Task requirements:
Every picture should be left out, but the lines below must be repeated exactly.
──────── Records shown ────────
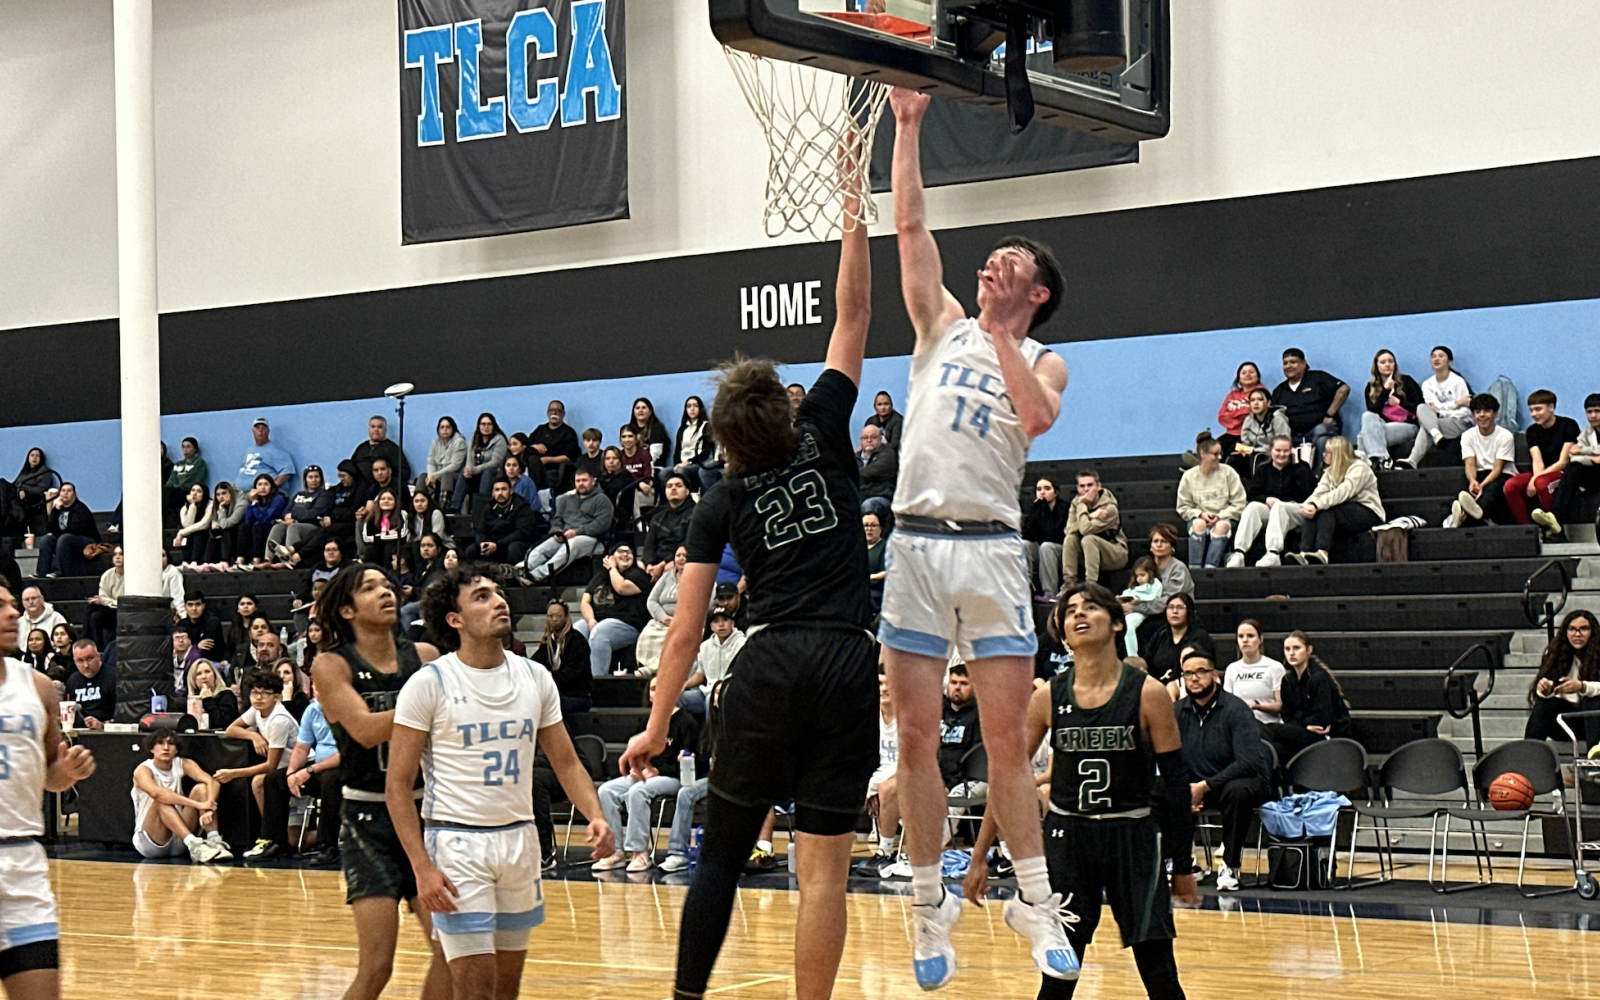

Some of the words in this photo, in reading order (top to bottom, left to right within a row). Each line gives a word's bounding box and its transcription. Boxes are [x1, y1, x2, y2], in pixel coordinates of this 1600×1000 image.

[404, 0, 621, 147] TLCA
[740, 280, 822, 330] HOME
[951, 396, 993, 439] 14
[754, 469, 839, 550] 23
[1236, 671, 1265, 681] NIKE
[457, 718, 534, 749] TLCA
[1056, 725, 1137, 752] CREEK
[483, 749, 520, 786] 24
[1078, 758, 1112, 811] 2
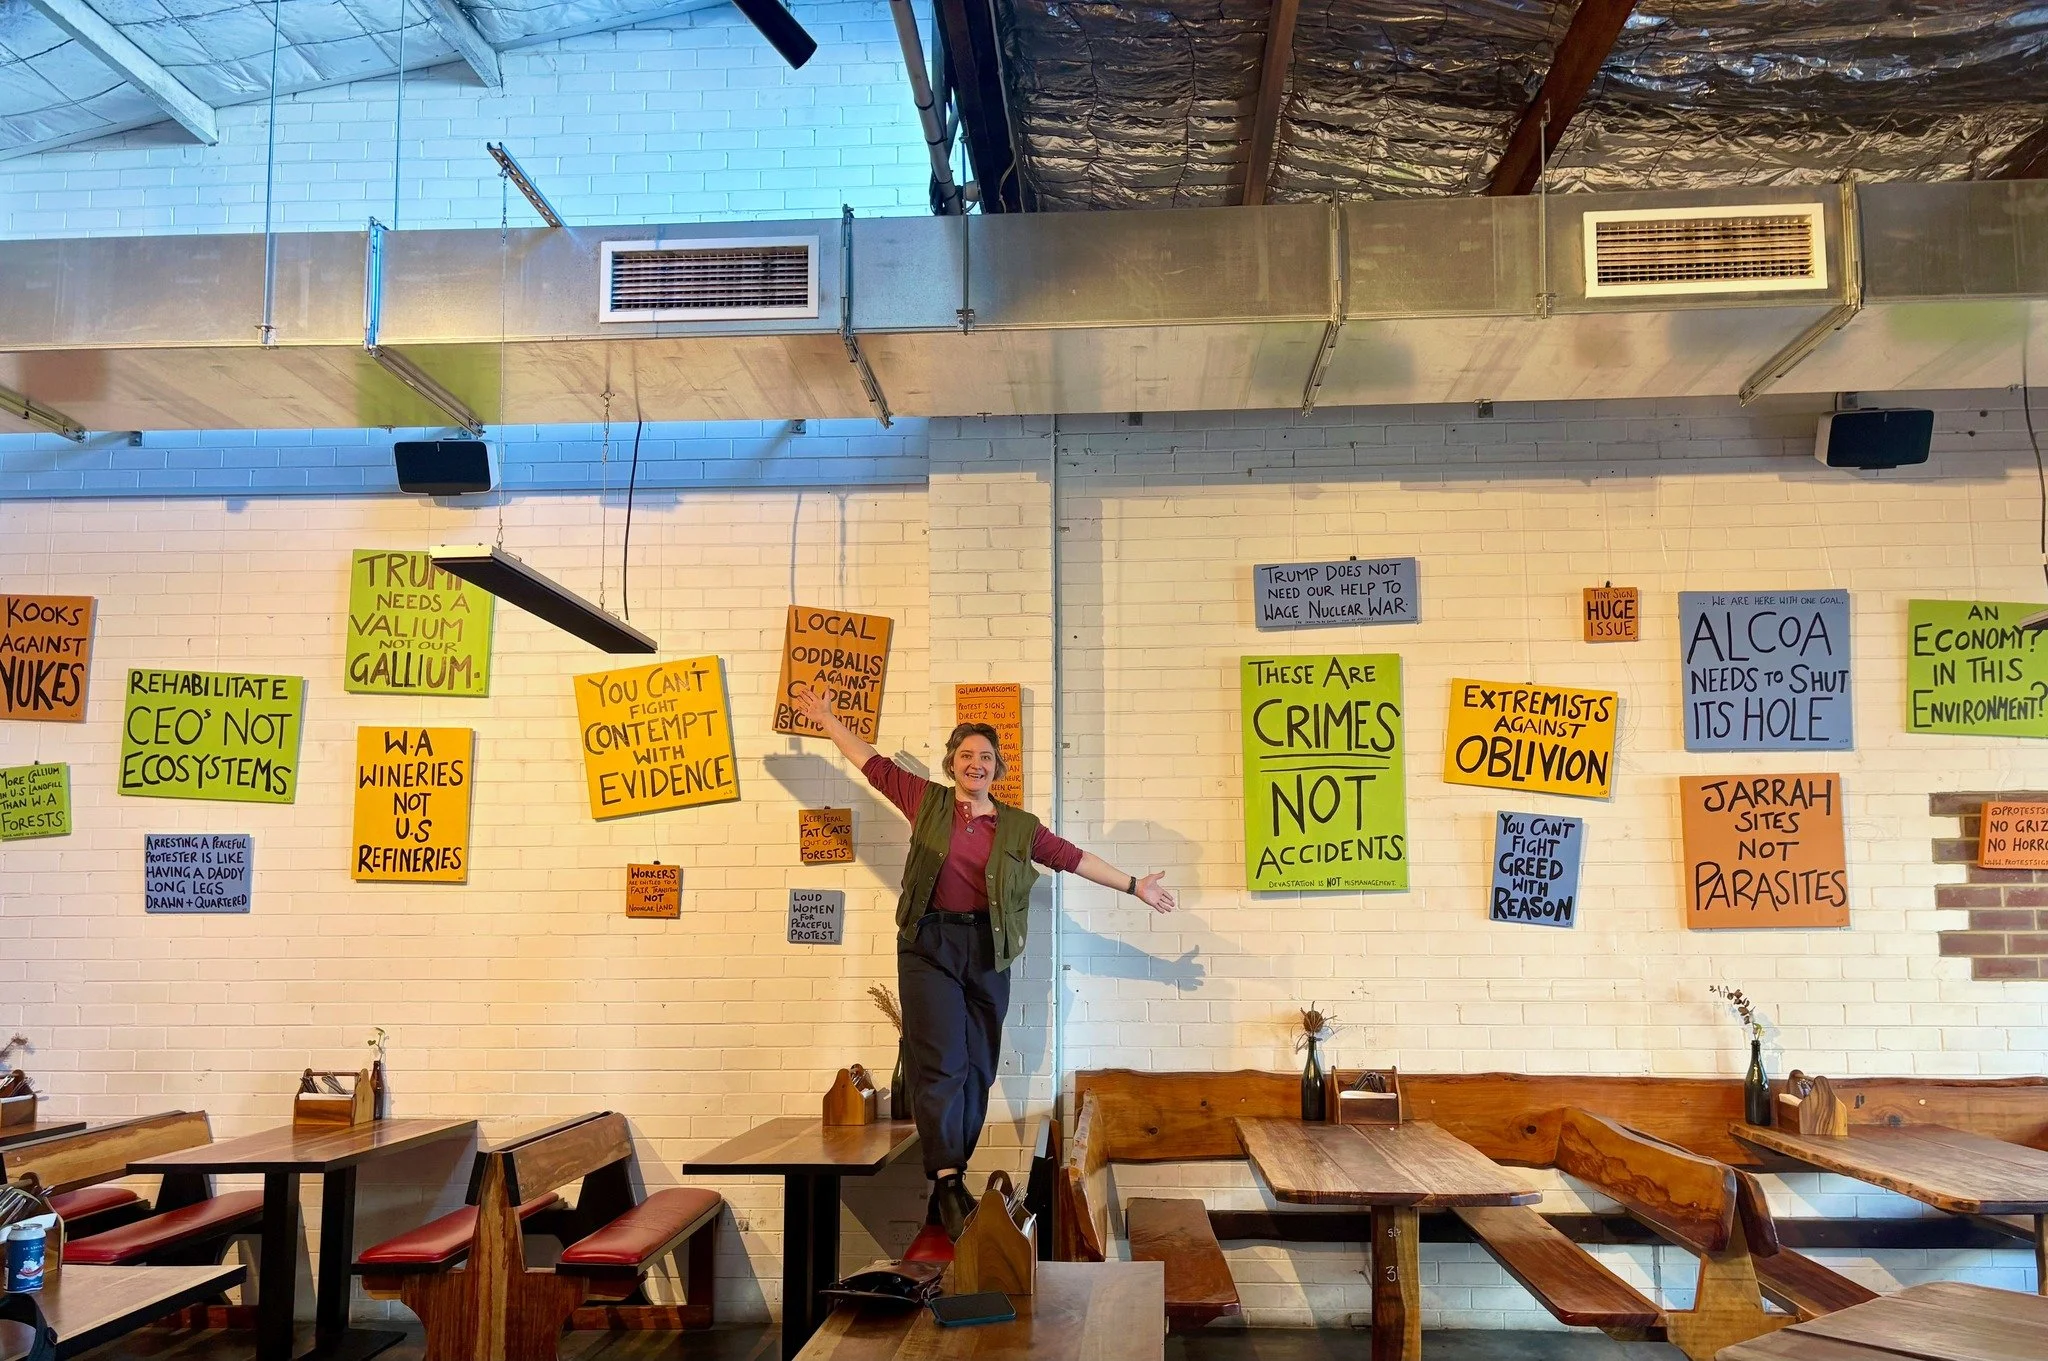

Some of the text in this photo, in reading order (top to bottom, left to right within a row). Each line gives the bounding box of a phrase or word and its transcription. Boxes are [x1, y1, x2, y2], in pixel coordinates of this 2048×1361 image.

[358, 553, 464, 591] TRUM
[1261, 563, 1401, 584] TRUMP DOES NOT
[1268, 580, 1401, 599] NEED OUR HELP TO
[1591, 589, 1610, 600] TINY
[1712, 596, 1726, 606] WE
[1730, 596, 1749, 605] ARE
[1754, 596, 1776, 605] HERE
[1779, 596, 1798, 605] WITH
[1801, 596, 1816, 605] ONE
[7, 597, 84, 628] KOOKS
[376, 590, 470, 613] NEEDS A
[1264, 603, 1300, 621] WAGE
[1309, 600, 1363, 619] NUCLEAR
[1587, 600, 1635, 620] HUGE
[1968, 605, 1999, 620] AN
[350, 612, 464, 642] VALIUM
[794, 609, 876, 640] LOCAL
[0, 632, 87, 657] AGAINST
[379, 639, 457, 654] NOT OUR
[1687, 612, 1832, 664] ALCOA
[1914, 623, 2043, 656] ECONOMY?
[791, 646, 883, 677] ODDBALLS
[1248, 656, 1376, 690] THESE ARE
[1933, 657, 2023, 687] IN THIS
[0, 655, 84, 713] NUKES
[131, 671, 288, 700] REHABILITATE
[588, 661, 709, 708] YOU CAN'T
[813, 669, 880, 692] AGAINST
[958, 685, 1017, 695] @LAURADAVISCOMIC
[1691, 664, 1849, 694] NEEDS TO SHUT
[787, 680, 875, 713] GOBAL
[959, 702, 1005, 710] PROTEST SIGNS
[1463, 685, 1612, 722] EXTREMISTS
[1913, 681, 2048, 728] ENVIRONMENT?
[629, 699, 678, 719] FIGHT
[991, 711, 1006, 719] YOU
[1010, 711, 1016, 719] IS
[1694, 696, 1833, 741] ITS HOLE
[224, 708, 292, 749] NOT
[585, 710, 718, 755] CONTEMPT
[1253, 699, 1401, 752] CRIMES
[1493, 715, 1586, 739] AGAINST
[384, 728, 433, 757] W.A
[633, 744, 685, 765] WITH
[1455, 734, 1609, 786] OBLIVION
[28, 767, 59, 784] GALLIUM
[122, 751, 292, 795] ECOSYSTEMS
[359, 759, 464, 789] WINERIES
[599, 754, 732, 806] EVIDENCE
[29, 781, 62, 795] LANDFILL
[1701, 778, 1832, 816] JARRAH
[0, 798, 27, 810] THAN
[393, 791, 432, 817] NOT
[1271, 773, 1377, 837] NOT
[803, 812, 843, 823] KEEP FERAL
[1500, 813, 1575, 838] YOU CAN'T
[1734, 811, 1800, 833] SITES
[1990, 821, 2008, 833] NO
[395, 817, 432, 843] U.S
[800, 823, 851, 839] FAT CATS
[146, 835, 246, 850] ARRESTING A PEACEFUL
[803, 839, 848, 847] OUT OF WA
[1512, 835, 1560, 857] FIGHT
[1738, 838, 1800, 861] NOT
[1988, 838, 2006, 852] NO
[145, 851, 244, 864] PROTESTER IS LIKE
[358, 844, 462, 873] REFINERIES
[1499, 852, 1563, 880] GREED
[146, 866, 245, 881] HAVING A DADDY
[631, 867, 677, 879] WORKERS
[1268, 880, 1315, 889] DEVASTATION
[1326, 877, 1342, 888] NOT
[147, 880, 224, 895] LONG LEGS
[631, 886, 649, 894] FAIR
[793, 892, 822, 902] LOUD
[1512, 877, 1549, 897] WITH
[1695, 861, 1847, 911] PARASITES
[146, 894, 247, 909] DRAWN + QUARTERED
[644, 894, 665, 902] NOT
[656, 904, 673, 912] LAND
[793, 904, 835, 914] WOMEN
[1493, 886, 1573, 921] REASON
[791, 919, 832, 929] PEACEFUL
[800, 913, 815, 921] FOR
────────
Answer space:
Some of the words in this photo, in reading order (top to bottom, left to right within a row). Each line gives a word's bounding box and its transcription. Boxes are [x1, y1, x2, y2], in pixel coordinates of this 1600×1000 image.

[404, 0, 621, 147] TLCA
[740, 280, 822, 330] HOME
[951, 396, 993, 439] 14
[754, 469, 839, 550] 23
[1236, 671, 1265, 681] NIKE
[457, 718, 534, 749] TLCA
[1056, 725, 1137, 752] CREEK
[483, 749, 520, 786] 24
[1078, 758, 1112, 811] 2

Some of the text in this photo, in reading order (top to bottom, left to right within a row). Each line gives the bounding box of a phrase or word and its transcription. Boxes are [x1, y1, x2, y2], in pixel coordinates of this 2048×1361 image.

[358, 553, 464, 591] TRUM
[1261, 563, 1401, 584] TRUMP DOES NOT
[1268, 580, 1401, 599] NEED OUR HELP TO
[1591, 589, 1610, 600] TINY
[1712, 596, 1726, 606] WE
[1730, 596, 1749, 605] ARE
[1754, 596, 1776, 605] HERE
[1779, 596, 1798, 605] WITH
[1801, 596, 1816, 605] ONE
[7, 597, 84, 628] KOOKS
[376, 590, 470, 613] NEEDS A
[1264, 603, 1300, 621] WAGE
[1309, 600, 1363, 619] NUCLEAR
[1587, 600, 1635, 620] HUGE
[1968, 605, 1999, 620] AN
[350, 612, 464, 642] VALIUM
[794, 609, 876, 640] LOCAL
[0, 632, 87, 657] AGAINST
[379, 639, 457, 654] NOT OUR
[1687, 612, 1832, 664] ALCOA
[1914, 623, 2043, 656] ECONOMY?
[791, 646, 883, 677] ODDBALLS
[1248, 656, 1376, 690] THESE ARE
[1933, 657, 2023, 687] IN THIS
[0, 655, 84, 713] NUKES
[131, 671, 288, 700] REHABILITATE
[588, 661, 709, 708] YOU CAN'T
[813, 669, 880, 692] AGAINST
[958, 685, 1017, 695] @LAURADAVISCOMIC
[1691, 664, 1849, 694] NEEDS TO SHUT
[787, 680, 875, 713] GOBAL
[959, 702, 1005, 710] PROTEST SIGNS
[1463, 685, 1612, 722] EXTREMISTS
[1913, 681, 2048, 728] ENVIRONMENT?
[629, 699, 678, 719] FIGHT
[991, 711, 1006, 719] YOU
[1010, 711, 1016, 719] IS
[1694, 696, 1833, 741] ITS HOLE
[224, 708, 292, 749] NOT
[585, 710, 718, 755] CONTEMPT
[1253, 699, 1401, 752] CRIMES
[1493, 715, 1586, 739] AGAINST
[384, 728, 433, 757] W.A
[633, 744, 685, 765] WITH
[1455, 734, 1609, 786] OBLIVION
[28, 767, 59, 784] GALLIUM
[122, 751, 292, 795] ECOSYSTEMS
[359, 759, 464, 789] WINERIES
[599, 754, 732, 806] EVIDENCE
[29, 781, 62, 795] LANDFILL
[1701, 778, 1832, 816] JARRAH
[0, 798, 27, 810] THAN
[393, 791, 432, 817] NOT
[1271, 773, 1377, 837] NOT
[803, 812, 843, 823] KEEP FERAL
[1500, 813, 1575, 838] YOU CAN'T
[1734, 811, 1800, 833] SITES
[1990, 821, 2008, 833] NO
[395, 817, 432, 843] U.S
[800, 823, 851, 839] FAT CATS
[146, 835, 246, 850] ARRESTING A PEACEFUL
[803, 839, 848, 847] OUT OF WA
[1512, 835, 1560, 857] FIGHT
[1738, 838, 1800, 861] NOT
[1988, 838, 2006, 852] NO
[145, 851, 244, 864] PROTESTER IS LIKE
[358, 844, 462, 873] REFINERIES
[1499, 852, 1563, 880] GREED
[146, 866, 245, 881] HAVING A DADDY
[631, 867, 677, 879] WORKERS
[1268, 880, 1315, 889] DEVASTATION
[1326, 877, 1342, 888] NOT
[147, 880, 224, 895] LONG LEGS
[631, 886, 649, 894] FAIR
[793, 892, 822, 902] LOUD
[1512, 877, 1549, 897] WITH
[1695, 861, 1847, 911] PARASITES
[146, 894, 247, 909] DRAWN + QUARTERED
[644, 894, 665, 902] NOT
[656, 904, 673, 912] LAND
[793, 904, 835, 914] WOMEN
[1493, 886, 1573, 921] REASON
[791, 919, 832, 929] PEACEFUL
[800, 913, 815, 921] FOR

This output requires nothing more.